Proximal Row Carpectomy

Normal Wrist Anatomy

Finally, the left wrist injury involved a proximal row carpectomy, the removal of the proximal carpal bones (scaphoid, lunate, and triquetrum) to simplify the joint into a hinge joint and reduce pain. This type of procedure is more commonly seen in the older and general population with fairly good results. While there isn’t research to assess outcomes in elite-level athletes, the research does suggest that those with heavy manual labor jobs may have poorer outcomes later on

The article goes onto state that failure rates are the highest with patients under the age of 35 due to active lifestyles. The highest failure rates are within two to three years, however, this does not account for football-related activities as a variable. Furthermore, one article referenced within the systematic review noted that there was joint narrowing and arthritis within the radiocapitate joint, leading to persistent pain. 

The bones in red (scaphoid, lunate, triquetrum) removed during the procedure.
Credit: Reading Hand Surgery

Phillips may be a one of a kind case based on his injury and returning to playing football. He has shown that he can play with the injury, though he took what was an eight to12 month recovery and compressed it into four months, playing through significant pain while at UCLA. Phillips went into great detail regarding the injury itself and the procedure on Instagram, giving the exact information which cuts down on speculation. 

It did not appear to hinder him while at Miami, but what if he suffers another wrist injury to the area or begins to have arthritic changes, then what? There are simply too many unknowns for this injury that it would be risky to take a high draft pick on him. Especially when his job requires so much use of his hands to shed blockers, tackle ball carriers and hand fight at the line of scrimmage.

NFL injury impact 

Phillips will be drafted; his skill set is too great to let him slide all the way down a draft board. Other players have had injury concerns that have fallen but most of them had issues on film that contributed to that fall. Evaluating Phillips as a whole, he really should be a player drafted in the late second to third round. That’s where I believe he will fall in the draft. But due to the lack of players with a true first-round grade and his 2020 tape, he will probably go later on Day 1 with some team falling in love with really one year of production. 

The concussions and wrist injury are concerning. Phillips has been forced to walk away once. He’s identified his passion as music. There are a lot of players that play football because they are good at it, it doesn’t mean they love it. How close is Phillips to getting another injury and saying, this isn’t worth it after he has some money in his pocket and can say he played in the NFL? Really, only he knows. I do believe he is worth a draft pick, but just not a first-round pick if a team is trying to build something long-term.

I want to be wrong but I have reservations about Phillips’ career longevity once he gets into the league, especially if he doesn’t go somewhere where they are winning or if he suffers another concussion. Whatever team selects him in the draft better have a specific plan for him and use him immediately. Any GM seeing him as a cornerstone of the defense may be looking for jobs in several years if the above-mentioned numbers hold true.
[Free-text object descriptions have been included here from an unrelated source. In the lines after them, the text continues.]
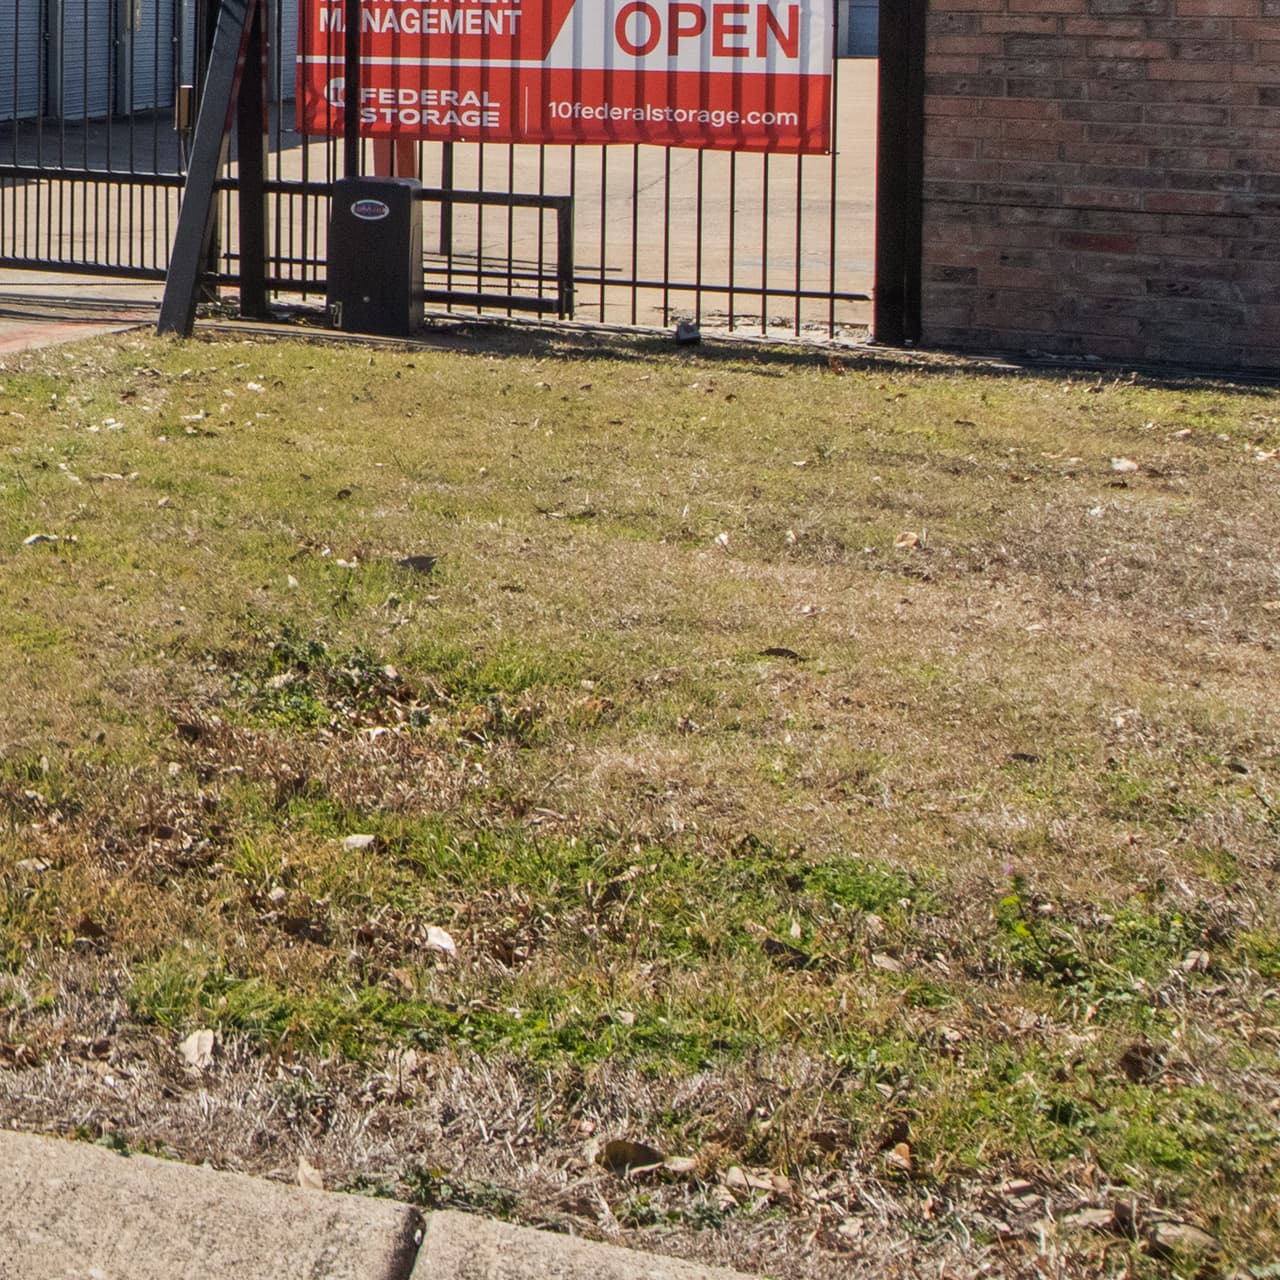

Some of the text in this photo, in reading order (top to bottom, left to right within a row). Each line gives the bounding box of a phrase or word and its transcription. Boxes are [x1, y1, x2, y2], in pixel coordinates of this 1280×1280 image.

[319, 8, 522, 35] MNAGEMENT
[615, 1, 800, 58] OPEN
[360, 88, 501, 108] FEDERAL
[360, 108, 500, 128] STORAGE
[548, 101, 799, 128] 10federalstorage.com
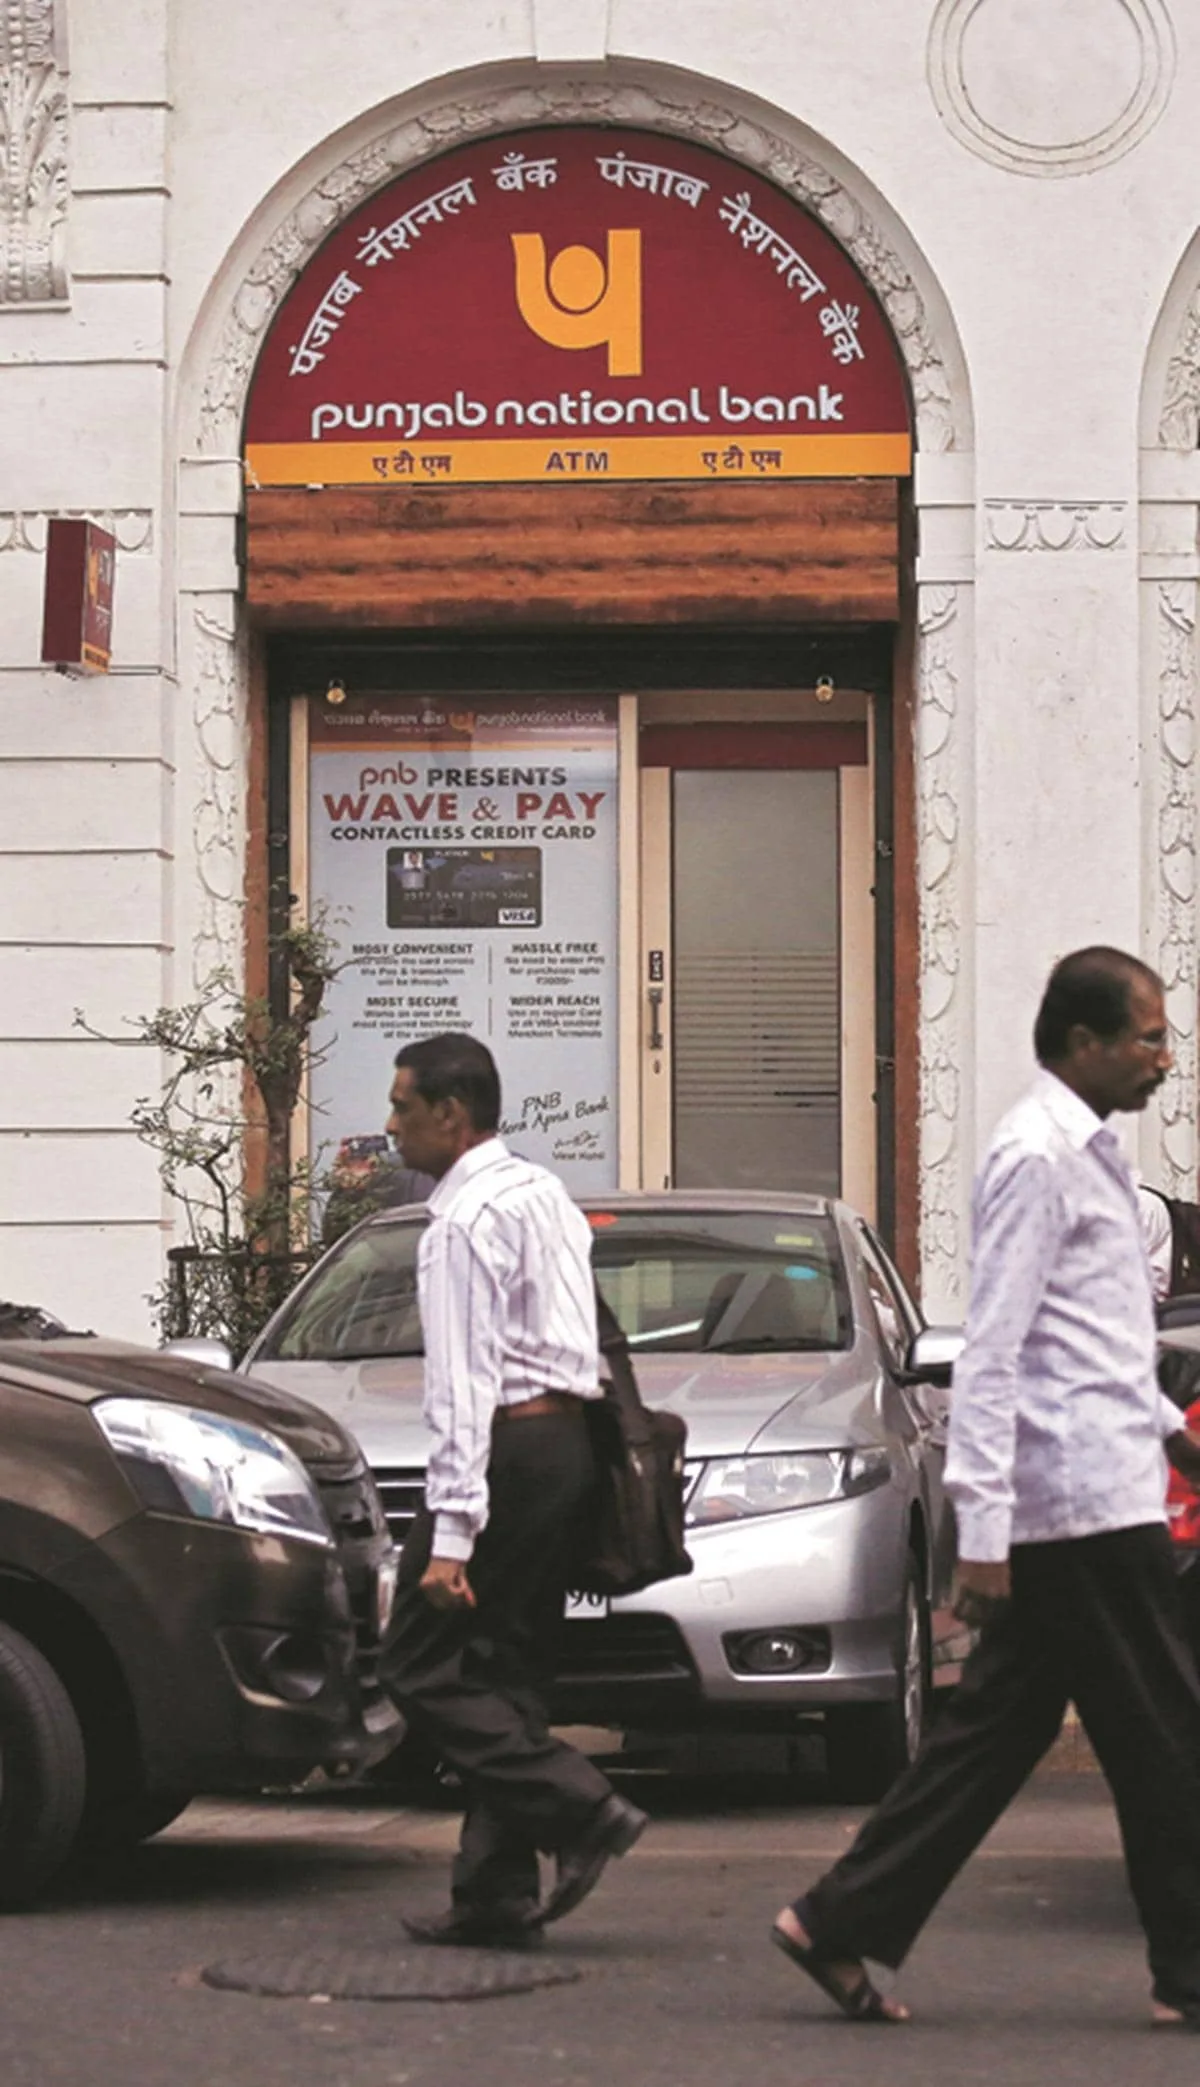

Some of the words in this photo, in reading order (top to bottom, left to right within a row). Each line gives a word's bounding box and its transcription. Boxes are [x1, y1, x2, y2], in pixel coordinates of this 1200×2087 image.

[288, 270, 363, 376] पंजाब
[491, 151, 558, 192] बँक
[596, 151, 710, 208] पंजाब
[718, 192, 827, 302] नैशनल
[819, 299, 865, 365] बैंक
[311, 390, 488, 440] punjab
[495, 387, 711, 427] national
[719, 384, 844, 422] bank
[372, 456, 388, 478] ए
[393, 450, 415, 475] टी
[421, 455, 452, 477] एम
[546, 451, 609, 472] ATM
[702, 450, 718, 473] ए
[722, 445, 744, 470] टी
[750, 449, 782, 472] एम
[360, 760, 418, 792] pnb
[427, 767, 567, 787] PRESENTS
[322, 792, 459, 822] WAVE
[472, 796, 501, 821] &
[516, 791, 606, 820] PAY
[331, 825, 466, 841] CONTACTLESS
[470, 825, 537, 840] CREDIT
[542, 825, 597, 840] CARD
[502, 911, 535, 921] VISA
[393, 943, 474, 955] CONVENIENT
[511, 942, 562, 954] HASSLE
[565, 942, 598, 954] FREE
[509, 996, 553, 1006] WIDER
[556, 996, 600, 1006] REACH
[521, 1091, 562, 1119] PNB
[575, 1095, 609, 1119] Bank
Phillips can play, but he may be best suited in a rotational defense and used often within his first few years in the league, rather than going through the developmental phases where injury could stunt or eliminate his growth as a player altogether.

Phillips, to me, is an example of potential versus reality. He has great potential, but I don’t believe the reality will match that and a team may be left wondering what happened. Hopefully, Phillips has a productive NFL career, but there are too many red flags to be certain.